Exercise prompt: Drop all images and give the records again exactly.

Stored data entries
*** Block opens ***
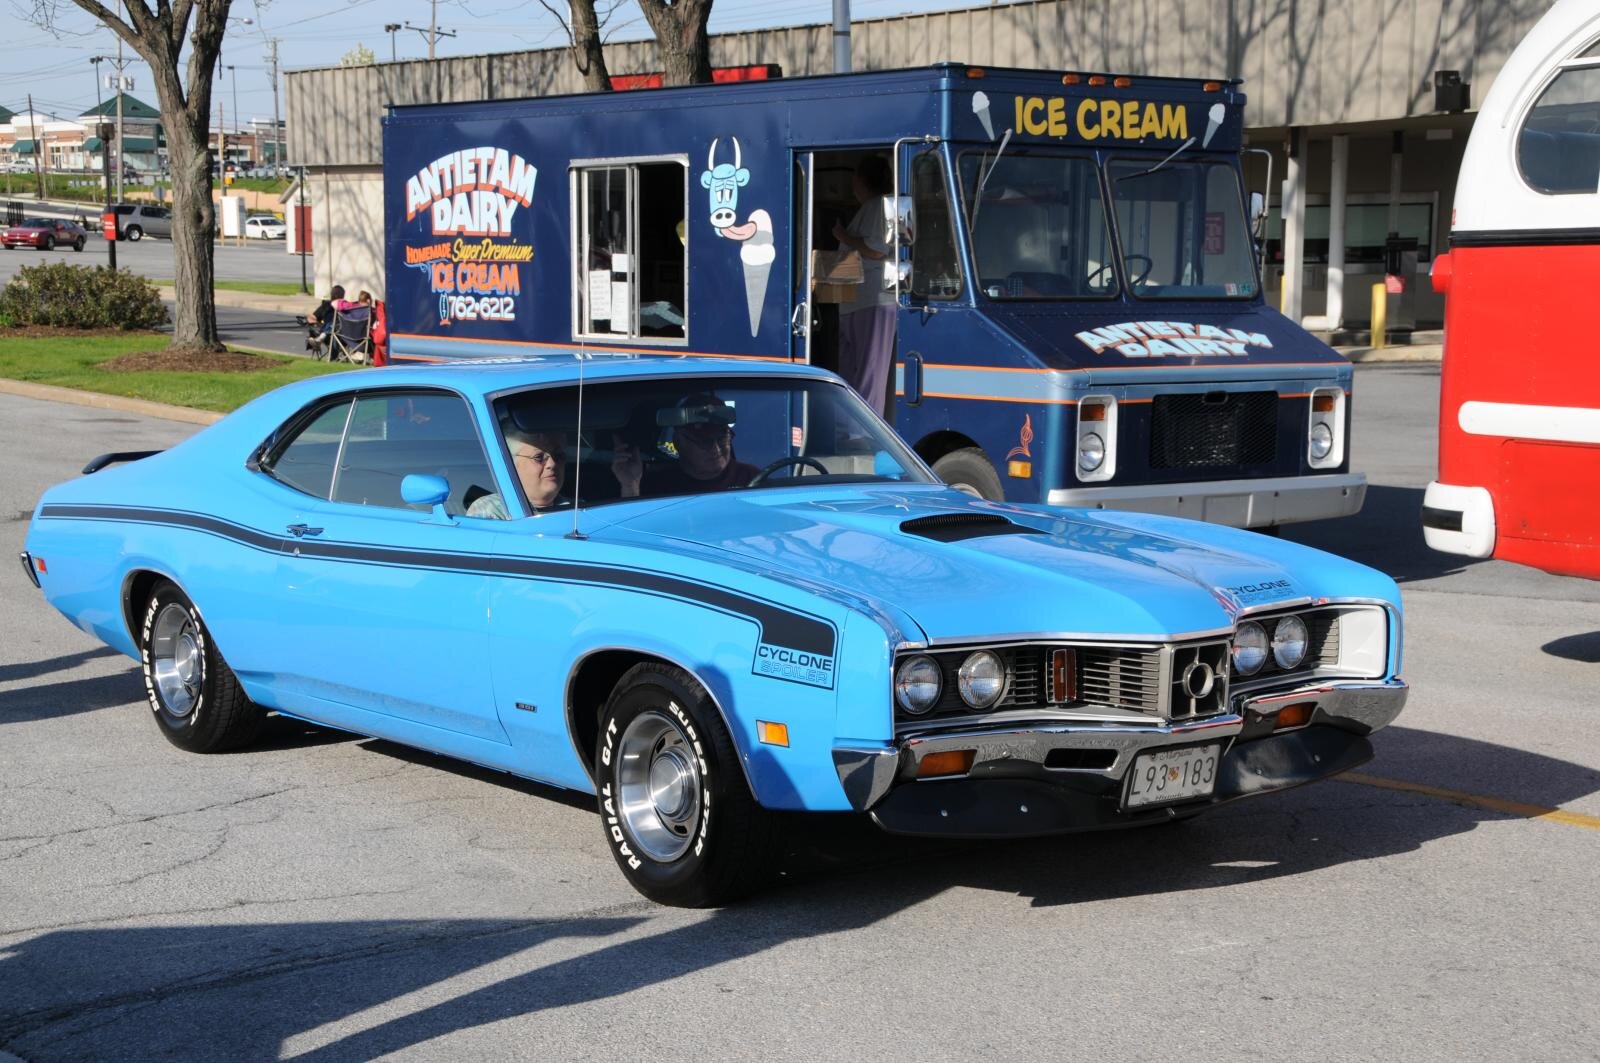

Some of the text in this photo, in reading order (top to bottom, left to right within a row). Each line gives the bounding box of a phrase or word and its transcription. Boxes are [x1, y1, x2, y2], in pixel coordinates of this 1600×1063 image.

[1015, 96, 1188, 140] ICE CREAM
[405, 147, 538, 222] ANTIETAM
[431, 190, 518, 237] DAIRY
[406, 238, 534, 264] HOMEMADE Super Premium
[431, 262, 520, 296] ICE CREAM
[1074, 321, 1273, 354] ANTIETAM
[1117, 337, 1249, 358] DAIRY
[1226, 580, 1291, 595] CYCLONE
[142, 597, 160, 712] SUPER STAR
[758, 645, 833, 672] CYCLONE
[761, 660, 828, 684] SPOILER
[601, 717, 642, 871] RADIAL G/T
[669, 701, 710, 857] SUPER STAR
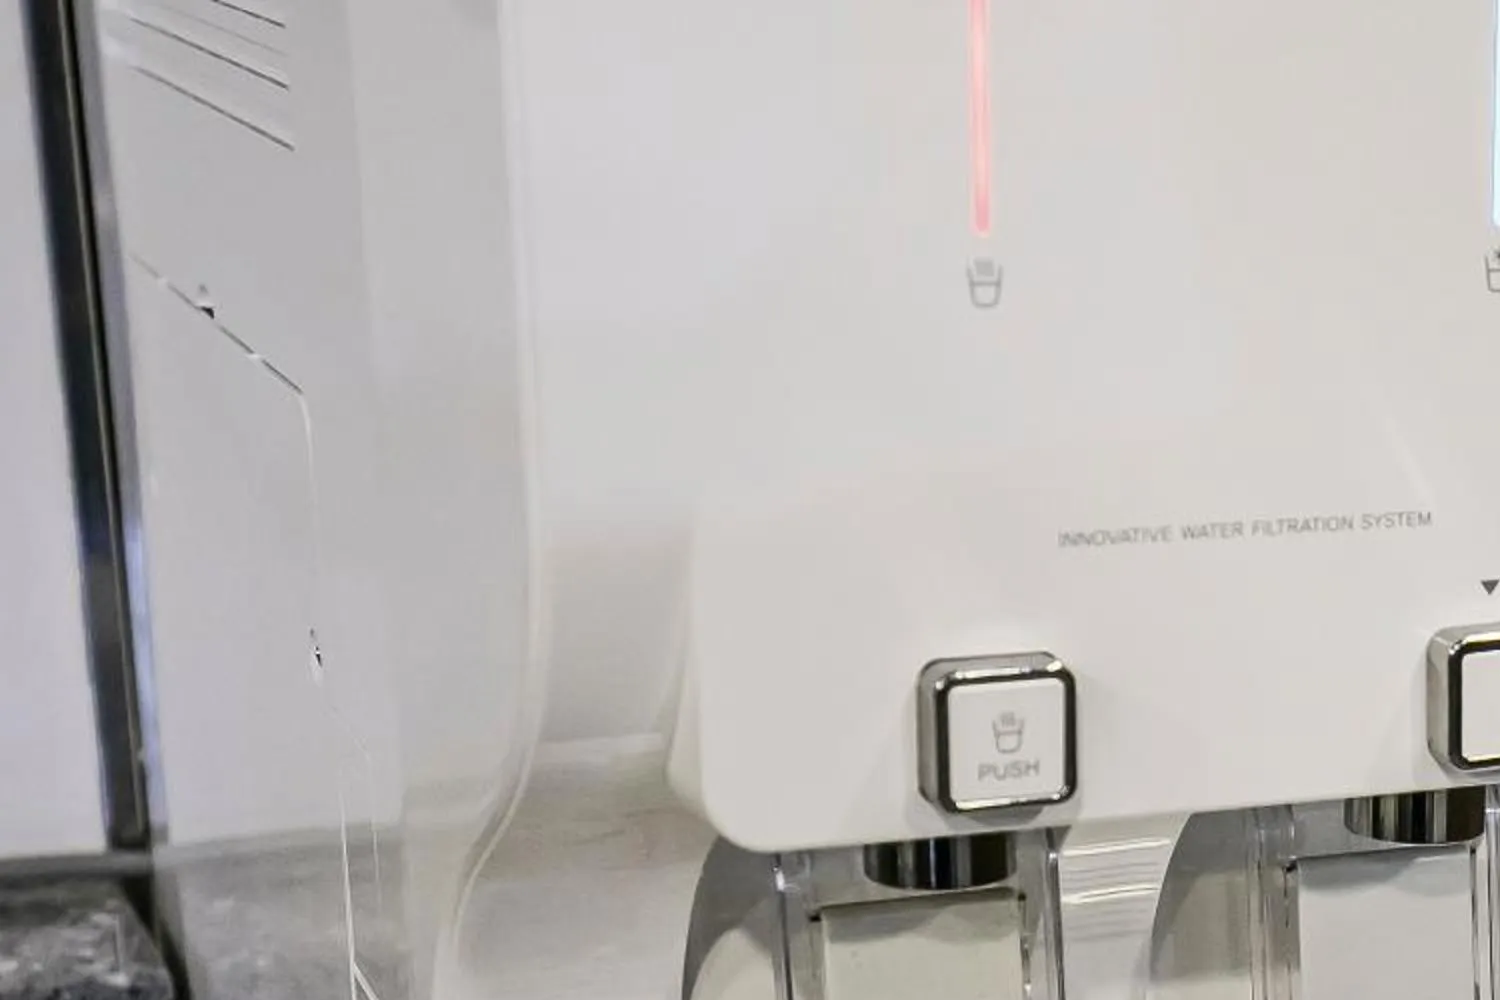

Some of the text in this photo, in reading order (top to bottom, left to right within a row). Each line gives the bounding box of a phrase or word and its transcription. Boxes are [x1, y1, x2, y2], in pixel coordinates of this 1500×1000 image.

[1058, 511, 1432, 548] INNOVATIVE WATER FILTRATION SYSTEM
[977, 759, 1040, 781] PUSH
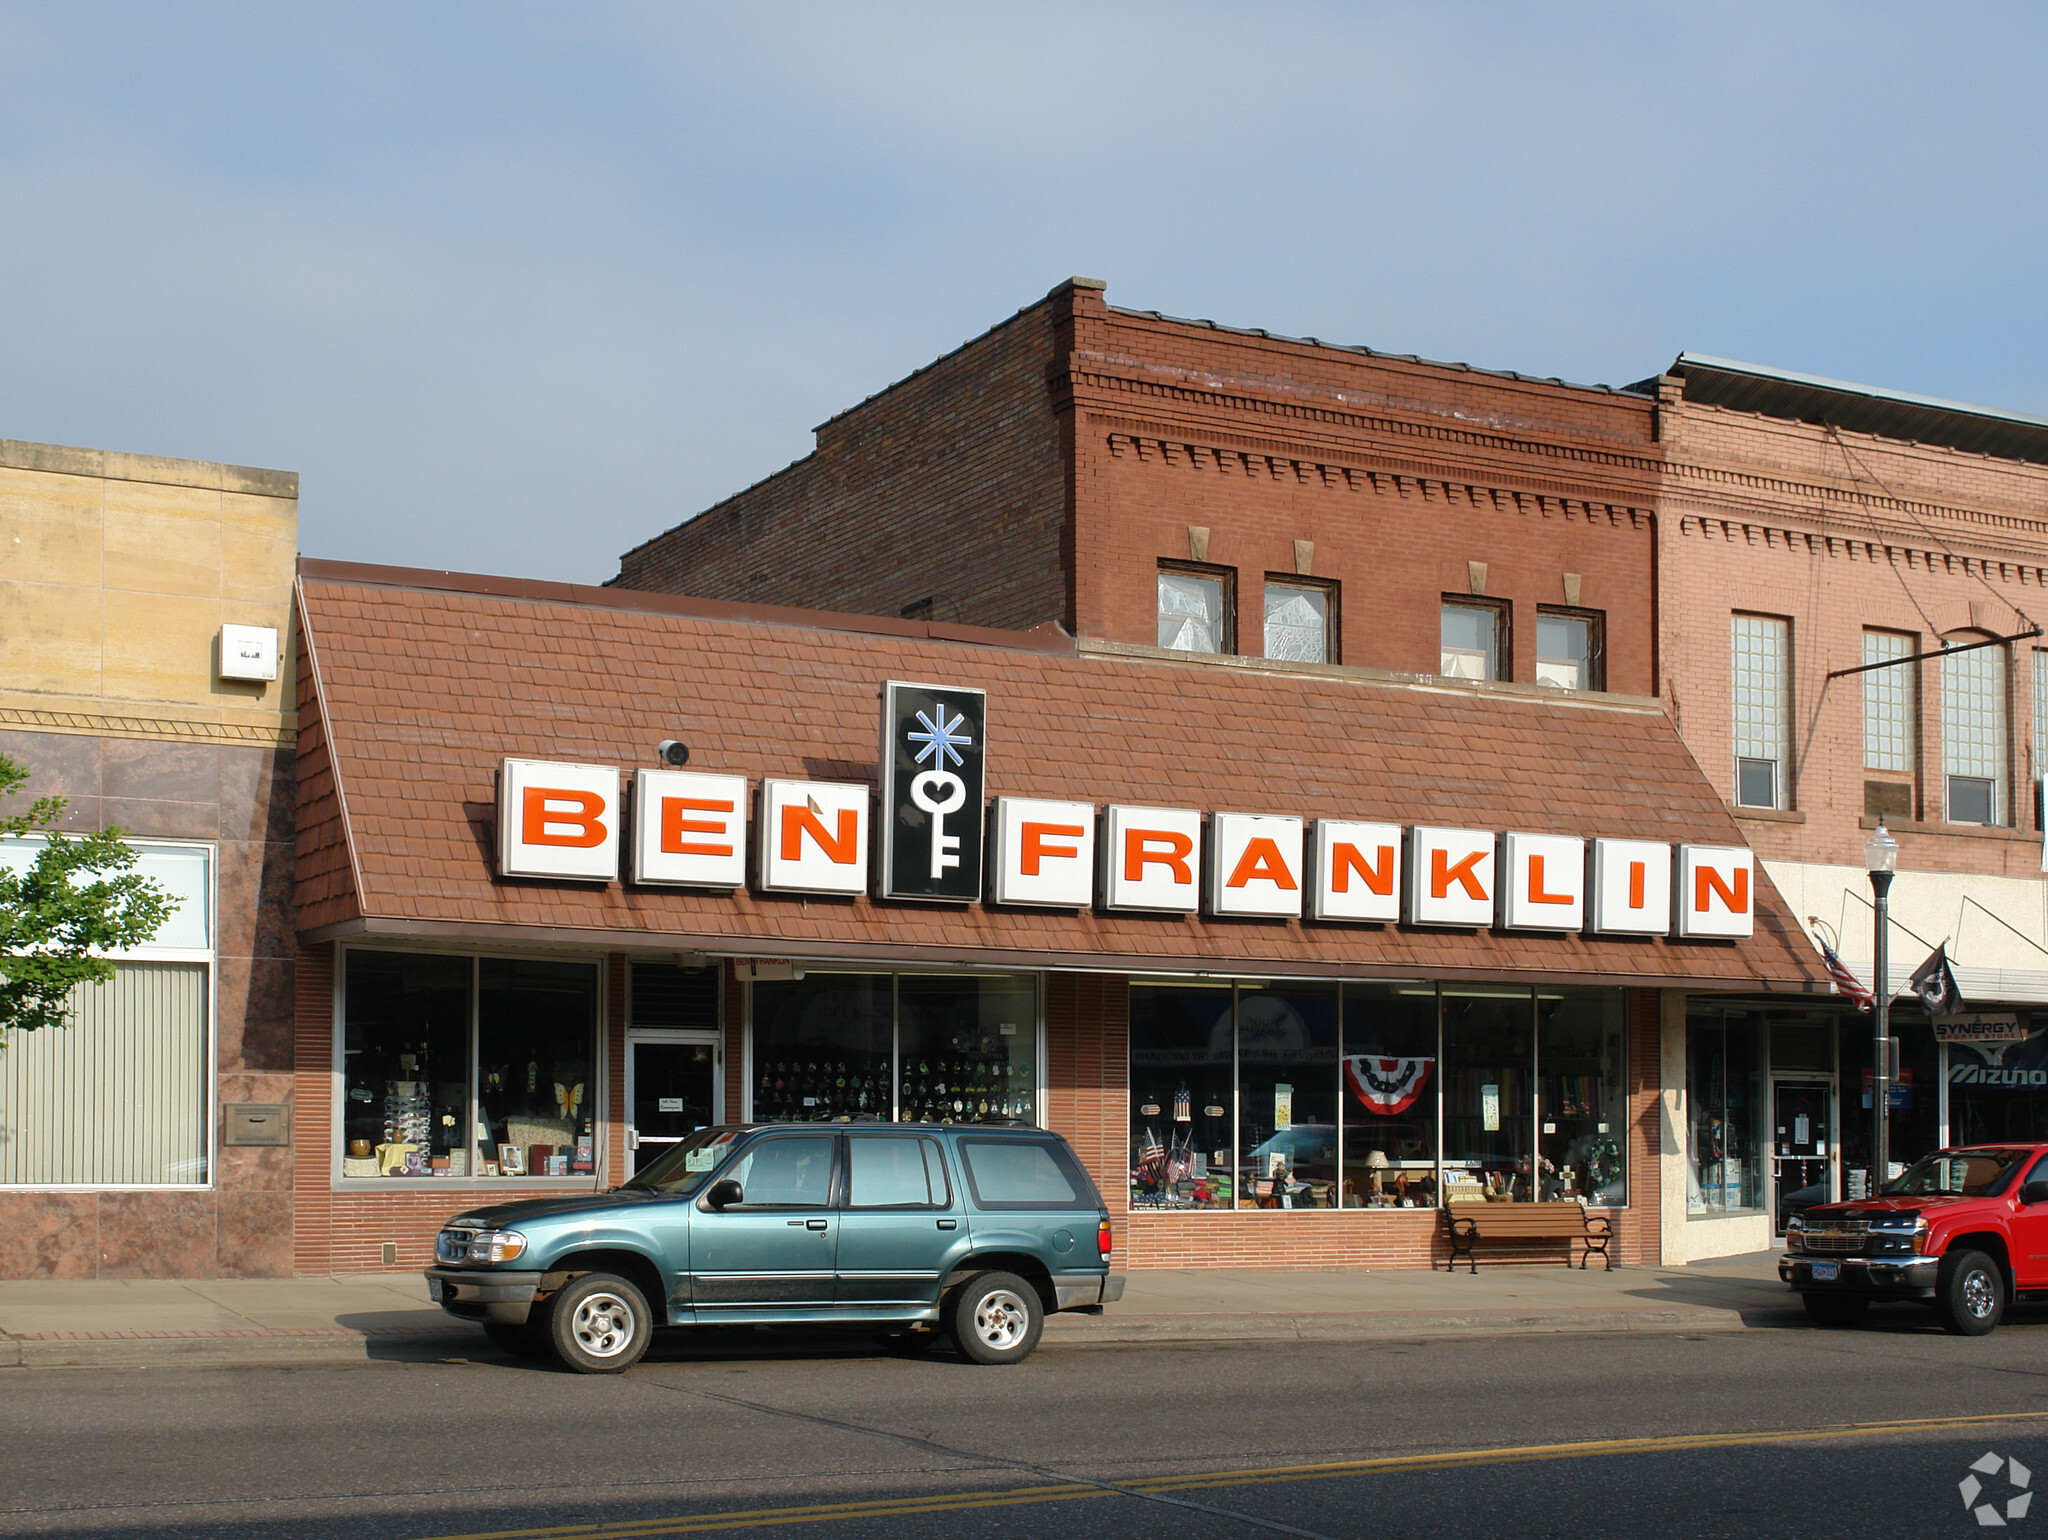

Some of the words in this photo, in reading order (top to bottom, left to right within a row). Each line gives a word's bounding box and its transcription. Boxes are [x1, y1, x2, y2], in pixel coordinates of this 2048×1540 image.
*** Block closes ***
Exercise answer:
Some of the text in this photo, in reading order (top to bottom, left to right within a row). Each line gives the bounding box of a phrase or word and its transcription. Boxes are [x1, y1, x2, y2], in pixel coordinates of this 1600×1063 image.

[1015, 96, 1188, 140] ICE CREAM
[405, 147, 538, 222] ANTIETAM
[431, 190, 518, 237] DAIRY
[406, 238, 534, 264] HOMEMADE Super Premium
[431, 262, 520, 296] ICE CREAM
[1074, 321, 1273, 354] ANTIETAM
[1117, 337, 1249, 358] DAIRY
[1226, 580, 1291, 595] CYCLONE
[142, 597, 160, 712] SUPER STAR
[758, 645, 833, 672] CYCLONE
[761, 660, 828, 684] SPOILER
[601, 717, 642, 871] RADIAL G/T
[669, 701, 710, 857] SUPER STAR

Some of the text in this photo, in reading order (top to bottom, left to right within a row). Each line gives the bounding box of a phrase or word and its transcription. Boxes are [x1, y1, x2, y2], in pixel coordinates of this 1500×1000 image.

[1058, 511, 1432, 548] INNOVATIVE WATER FILTRATION SYSTEM
[977, 759, 1040, 781] PUSH

Some of the words in this photo, in reading order (top to bottom, left to right within a row). Each line gives a word's bounding box and its transcription. Boxes are [x1, y1, x2, y2], in pixel coordinates of this 2048×1540 image.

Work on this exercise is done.